Grains can be the base of a meal any time of the day. Warm rice along with warm rice milk or soymilk, flavored with ground cinnamon and topped with raisins, makes a wonderful breakfast. Steamed rice tossed with salsa and chopped vegetables or mixed with tomato sauce and cooked beans makes a fast lunch or dinner.
Of course, for all of these, you will need a lot of puffy rice! Here are some tips:
Measure twice, Cook once:
Rice absorbs cooking liquid while it simmers so you have to watch the rice to water ratio. If you use too much water, you will wind up with a rice soup. If you use too little water, you’ll get a version of rice popcorn. So just how do we determine the correct proportions? Read on and be sure you have measuring spoons, cups and a pot with a lid.
Never rush the cooking process of rice. If you do so, it becomes chewy and crunchy. Read over the directions carefully for recommended cooking tips. Also, read on right here!
Always keep a lid on your rice while cooking it. If you check it too often, you release steam. The steam is what makes it cook.
Consider the alternatives
Converted or parboiled rice is the most foolproof to make and the fastest to cook. When rice is converted, the nutrient-laden shell is removed with soaking and steaming. It’s then pulverized and added back to the rice, preserving the original nutrient content. Precooking removes some of the starch, allowing the grains to remain separate so as to fluff up more easily.
To cook 1-cup of converted rice, which will make about 2-1/2-cup cooked rice, bring 2-1/4-cup cold water to a boil in a medium pot. Add 1-cup converted rice, 2-teaspoons of vegan margarine if desired – it helps make the rice fluffy – and 1/2-teaspoon salt, if desired. Stir about three times and cover. Reduce the heat to a simmer. allow to cook, covered, for 20 minutes. Remove from heat and let stand (covered) until all the water is absorbed, about three to five minutes. If all the water has been absorbed, add about 2-tablespoons of boiling water, stir, cover, and let stand. Now, the final step: Fluff the rice!
Long and Short-Grain Rice
Long and short-grain rice, such as basmati and arborio rice are cooked just like converted rice. Measuring the rice and the liquid, time the cooking, keep the lid on, let the rice rest at the end of cooking, fluffing with a fork to poof it up.
Brown rice has more nutrient value than white rice.
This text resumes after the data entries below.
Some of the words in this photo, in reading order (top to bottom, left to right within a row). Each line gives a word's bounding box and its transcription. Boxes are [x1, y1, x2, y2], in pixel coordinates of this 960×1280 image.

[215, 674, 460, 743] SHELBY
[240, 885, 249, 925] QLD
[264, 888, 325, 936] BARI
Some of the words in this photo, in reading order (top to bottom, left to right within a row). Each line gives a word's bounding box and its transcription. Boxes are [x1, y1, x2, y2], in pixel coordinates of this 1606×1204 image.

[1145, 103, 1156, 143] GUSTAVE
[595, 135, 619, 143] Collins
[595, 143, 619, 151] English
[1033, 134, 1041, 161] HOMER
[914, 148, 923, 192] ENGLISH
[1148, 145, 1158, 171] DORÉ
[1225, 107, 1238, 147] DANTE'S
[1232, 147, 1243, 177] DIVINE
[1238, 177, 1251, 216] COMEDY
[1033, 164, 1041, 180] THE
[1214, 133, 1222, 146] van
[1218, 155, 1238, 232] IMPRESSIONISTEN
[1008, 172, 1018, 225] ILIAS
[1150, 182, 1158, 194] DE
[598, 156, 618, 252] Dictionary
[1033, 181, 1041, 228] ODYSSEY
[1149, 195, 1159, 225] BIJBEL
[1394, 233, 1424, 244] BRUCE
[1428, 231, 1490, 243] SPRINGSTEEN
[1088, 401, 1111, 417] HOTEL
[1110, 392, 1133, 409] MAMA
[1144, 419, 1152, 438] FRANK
Note: Brown Rice will only last about six months before it gets stale. When it get stale, it is very difficult to get it tender. You can cook brown rice the same as white rice, just increase the recipe listed above by 1/2 cup liquid. Since brown rice can be a little bit harder to get tender, we’ll cover the “pilaf” method. This will add flavor and fluff to brown rice.
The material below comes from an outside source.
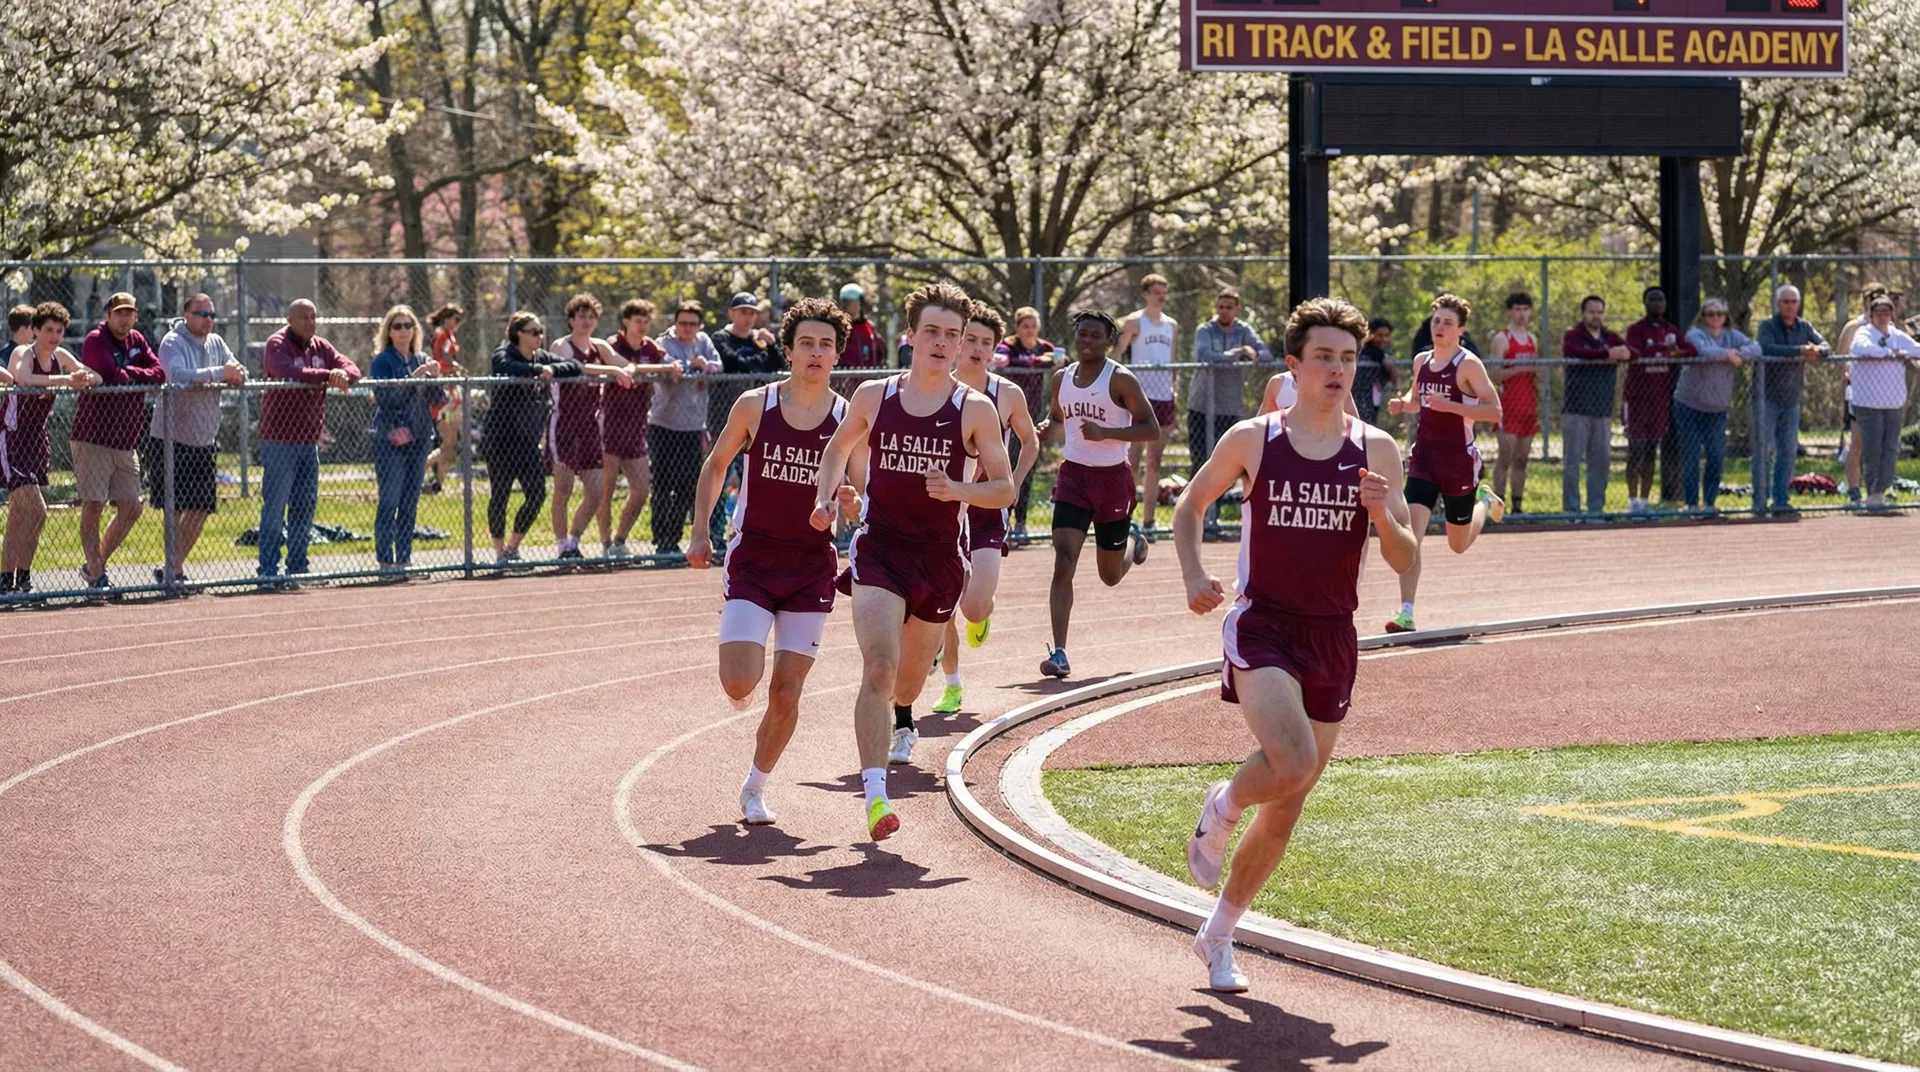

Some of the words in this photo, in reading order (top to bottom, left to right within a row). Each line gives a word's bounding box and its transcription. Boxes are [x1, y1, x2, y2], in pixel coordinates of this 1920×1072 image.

Heat 1-tablespoon olive oil in a medium pot. If desired, add 1/2-cup chopped onions for flavor but cook them until soft before adding rice. Add 1-cup rice to oil, toast, stirring and cooking quickly until all the grains are coated, for one minute. Add 2-1/2-cups water or vegetable stock. Bring to a fast boil and cook, uncovered, for one minute. Lower the heat, cover, and simmer for about 40-45 minutes or until liquid is absorbed. The rice will be cooked but still firm (uncover it briefly and check it). Cover the pot and allow to rest for five minutes. Fluff with a fork and it is ready to eat.
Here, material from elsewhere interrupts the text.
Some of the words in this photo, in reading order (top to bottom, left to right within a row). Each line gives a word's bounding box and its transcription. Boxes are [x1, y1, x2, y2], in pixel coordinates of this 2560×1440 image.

Be sure to check brown rice after about 30 minutes; if all the water has been absorbed, but the rice is still tough, add about 1/4-cup boiling water, recover the pot, return to heat, and check again in five minutes.
The next step, after you master cooking rice, is cooking risotto. Made from arborio rice, risotto takes a lot of patience and a wooden spoon. Arborio rice is short grain and has a natural starch. When cooked properly, it makes a creamy dish. Risotto can be eaten as is, but it really is wonderful when cooked asparagus tips, sliced mushrooms, pine nuts, or sun-dried tomatoes are added as soon as it cooks. If you can’t find arborio rice, you can substitute short-grain rice, but it will not be as creamy.
Heat two teaspoons olive oil in a large frying pan. Add 1 minced clove of garlic and heat for 1 minute. Stir in 1-1/2 cups arborio rice and stir and cook until all the grains are coated, about one minute. You will need about four cups of water or vegetable stock, total. Add 1/2-cup of liquid and stir until most of the liquid is absorbed. Continue to add liquid by 1/2 cupfuls and to stir until the arborio is creamy and tender, but still firm. You may not need to use all the liquid. When you have reached the degree of creaminess and tenderness desired, you have risotto!
Toss hot rice with coconut milk, powdered ginger, and drained canned pineapple tidbits; or frozen, thawed mixed veggies and soy sauce; or sauteed spinach and garlic; or peas and pine nuts. Toss cold rice (always cook extra rice so you have some to toss into soups, salads, and soy or rice milk) with: chopped salad greens, tomatoes, and bell peppers; or raisins, walnuts, and chopped canned peaches; or shredded carrots, cubed tofu, and soy sauce.